Con una fuerte explosión, el Escudo Celestial del Rey Hormiga fue destruido.
La Flecha Perseguidora del Sol no corrió mejor suerte, destrozada por la caótica fuerza cortante que brotó del Escudo Celestial en el último momento.
—Vaya humano, más duro de pelar de lo que imaginaba.
Harlington tensó su arco y disparó otra flecha, e Iván lanzó despreocupadamente otro Escudo Celestial del Rey Hormiga, arrojándolos como si no costaran nada.
Tras una serie de sondeos, Harlington y el Rey Antiguo Hombre-Serpiente se quedaron sin palabras.
Tuvieron que admitir que este hechicero de la raza humana era muy diferente a otras criaturas de nivel señor del Mundo Subterráneo, con una capacidad de combate inesperadamente alta.
El oponente estaba completamente centrado en escapar y, por el momento, no podían hacer nada al respecto.
Era absolutamente frustrante.
Una persona corría frenéticamente delante, arriesgando su vida para escapar.
Tres Reyes Antiguos lo perseguían sin descanso.
Durante la persecución, los cuatro llegaron pronto a una peculiar Jungla del Valle del Abismo; el valle estaba bordeado por rocas de un blanco plateado, y la jungla crecía excesivamente densa, un lugar normalmente conocido como el «Paraíso Tembloroso».
A medida que Iván se acercaba, observó un número inusualmente grande de Pájaros de la Deidad Solar posados sobre el valle, iluminando la jungla de abajo con bastante intensidad.
También se podían ver coloridas partículas de polvo flotando en el valle, junto con cosas como burbujas de veneno y fluidos pegajosos bajo la luz del sol, dejando claro que no era un lugar benévolo.
Sin pensarlo mucho, se zambulló en las profundidades del abismo, y su figura desapareció al instante bajo el denso follaje.
Los tres Reyes Antiguos claramente tenían sus reservas y se detuvieron uno tras otro al borde del valle, frunciendo el ceño profundamente mientras miraban la exuberante jungla frente a ellos.

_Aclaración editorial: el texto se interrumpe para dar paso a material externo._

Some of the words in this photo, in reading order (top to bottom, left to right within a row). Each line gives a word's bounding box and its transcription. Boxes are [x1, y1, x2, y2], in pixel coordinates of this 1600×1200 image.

—Este gran nombre, Paraíso Tembloroso, lo he oído más de una vez en el segundo nivel del subsuelo, ¿qué creen que deberíamos hacer ahora? —El Rey Antiguo Hombre-Serpiente miró más hacia el Dragón Venenoso de dos cabezas.
El Dragón Venenoso de dos cabezas era una criatura autóctona de esta capa.

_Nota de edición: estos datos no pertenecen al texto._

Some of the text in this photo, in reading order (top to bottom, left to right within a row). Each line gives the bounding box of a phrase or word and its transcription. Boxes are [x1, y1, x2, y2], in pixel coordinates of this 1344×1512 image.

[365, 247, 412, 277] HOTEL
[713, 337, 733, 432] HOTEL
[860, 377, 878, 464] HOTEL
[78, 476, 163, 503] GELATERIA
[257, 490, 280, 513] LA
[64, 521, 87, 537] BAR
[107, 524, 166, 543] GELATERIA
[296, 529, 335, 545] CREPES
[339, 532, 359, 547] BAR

—El Paraíso Tembloroso no es muy grande; podemos dispersarnos y vigilar el exterior, esperando a que ese tipo salga —sugirió de inmediato una de las cabezas del dragón, que parecía reacia a poner un pie en este extraño lugar.
—Por lo que sé del Paraíso Tembloroso, nadie puede permanecer dentro mucho tiempo; ese individuo no aguantará y saldrá por su cuenta —asintió la otra cabeza.
Incluso el más temerario Rey Dragón Venenoso mostró reticencia a acercarse, lo que reflejaba la fuerza disuasoria del Paraíso Tembloroso.
Al oír esto, el Rey Antiguo Hombre-Serpiente y el Rey Elfo de Sangre fruncieron aún más el ceño; no estaban dispuestos a ver a ese hechicero humano moverse libremente y dudaban en adentrarse en el drásticamente diferente valle.
Tras mucho deliberar, los dos decidieron finalmente no actuar de inmediato, sino esperar hasta que el sol se hubiera puesto.
Según las reglas del Paraíso Tembloroso, todo se aclararía entonces, y no sería demasiado tarde para actuar; hasta ese momento, seguirían la sugerencia del Rey Dragón Venenoso de patrullar los alrededores y evitar resueltamente que el hechicero humano aprovechara cualquier oportunidad.